Cette nouvelle a été adaptée au cinéma par Anne Fontaine sous le titre « Perfect mothers » et j’ai découvert le film avant de lire la nouvelle.  Ces deux oeuvres sont des chef-d’œuvres d’intelligence et de maîtrise artistique.

Cette histoire d’amour sulfureuse et non-conventionnelle est d’abord l’histoire d’une amitié fusionnelle entre Lil et Roz. Leurs histoires sont comme le prolongement de cette amitié, son déploiement. Elles s’imposent presque naturellement à elles en dépit des tabous qu’elles égratignent sans les briser vraiment. Et c’est là l’incroyable virtuosité de ce récit. Chacune de ces femmes a une relation amoureuse avec le fils de l’autre. Ce pourrait être n’importe quelle histoire entre une femme et un homme beaucoup plus jeune. Sauf que, présentes tout au long de la vie de leurs jeunes amants, elles ont été comme des secondes mères. C’est ce comme qui introduit dans le récit une faille, un creux, une sorte de malaise, encore plus perceptible dans le film sous la force des images. Forcément la question morale se pose : y a-t-il là de la part de ces mères une forme d’inceste ? Tout se joue sur le plan symbolique.

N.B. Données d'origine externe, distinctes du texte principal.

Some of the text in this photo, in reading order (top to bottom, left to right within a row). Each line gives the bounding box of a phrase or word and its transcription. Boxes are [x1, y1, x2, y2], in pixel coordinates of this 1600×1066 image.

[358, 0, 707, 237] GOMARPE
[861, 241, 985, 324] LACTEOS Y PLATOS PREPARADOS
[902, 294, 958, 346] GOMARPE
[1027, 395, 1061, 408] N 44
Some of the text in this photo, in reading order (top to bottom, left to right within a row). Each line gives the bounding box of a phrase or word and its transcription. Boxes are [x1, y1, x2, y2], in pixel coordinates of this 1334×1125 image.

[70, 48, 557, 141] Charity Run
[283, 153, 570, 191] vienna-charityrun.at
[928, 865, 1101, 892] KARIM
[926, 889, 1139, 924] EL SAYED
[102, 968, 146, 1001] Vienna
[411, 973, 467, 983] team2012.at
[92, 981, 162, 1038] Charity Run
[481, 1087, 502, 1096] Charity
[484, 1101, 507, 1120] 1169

« Les femmes contemplaient ces deux jeunes héros, leurs fils, leurs amants, ces beaux jeunes gens aux corps luisants d’eau de mer et d’huile solaire, semblables à des lutteurs de l’Antiquité. »

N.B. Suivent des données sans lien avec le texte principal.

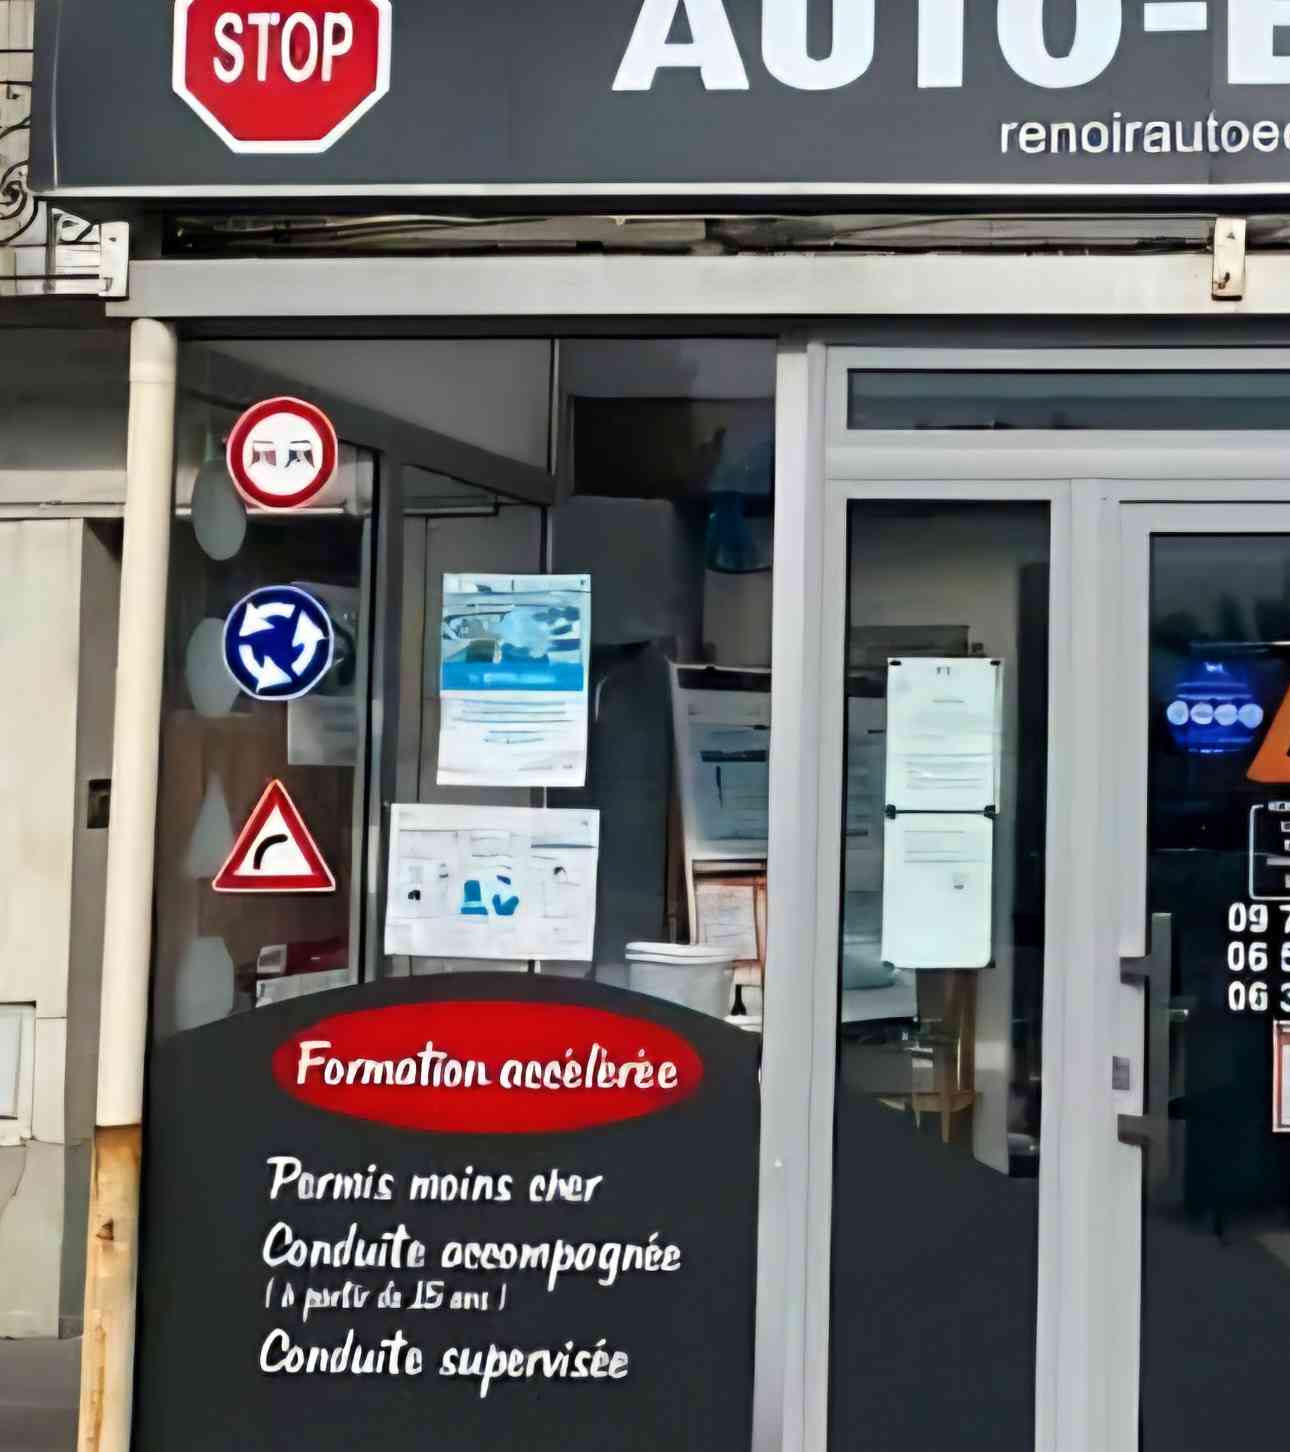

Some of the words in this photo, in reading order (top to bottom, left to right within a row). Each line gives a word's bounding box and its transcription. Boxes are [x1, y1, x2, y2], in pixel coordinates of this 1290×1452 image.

Doris Lessing se joue du lecteur avec une parfaite maîtrise dans la construction de son récit. Vous allez être partagé car vous ne pourrez pas ignorer la question morale même si les personnages eux semblent complètement la dépasser. Ils ne sont pas criminels, après tout ils n’enfreignent aucune loi écrite par les hommes, mais semblent parfaitement a-moraux. Doris Lessing montre simplement que le sentiment amoureux, lorsqu’il est sincèrement vécu, ne tient compte d’aucune loi morale, qu’il a sa propre force et ses propres lois. Et c’est aussi pour cette raison qu’il peut être dangereux. Car la sincérité et la force d’un sentiment n’en fait pas forcément un sentiment avouable ou permis par la société. Le signe est peut-être ce huit-clos qui a parfois quelque chose d’étouffant.

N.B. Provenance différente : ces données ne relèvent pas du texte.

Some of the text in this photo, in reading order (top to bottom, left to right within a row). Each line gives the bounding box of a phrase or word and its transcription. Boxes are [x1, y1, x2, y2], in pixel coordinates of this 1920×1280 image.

Elles savent d’ailleurs ce que leur histoire a de choquant parce qu’elle la dissimule soigneusement aux yeux des autres. Elles tenteront d’ailleurs de résister à cette passion qui les habitent,  tout le récit balançant entre ses deux extrêmes.

Le paradis semble bien exister sur cette terre :

« Ceux qui ont des existences aussi plaisantes, insouciantes, exemptes de tout problème ne sont pas nombreux sur cette terre : sur ces rivages bénis, personne ne s’isolait pour pleurer sur ses péchés ou sur le manque d’argent, ni encore moins de nourriture. Quel beau monde, lisse et éclatant de soleil, de sport, de bonne chère ! »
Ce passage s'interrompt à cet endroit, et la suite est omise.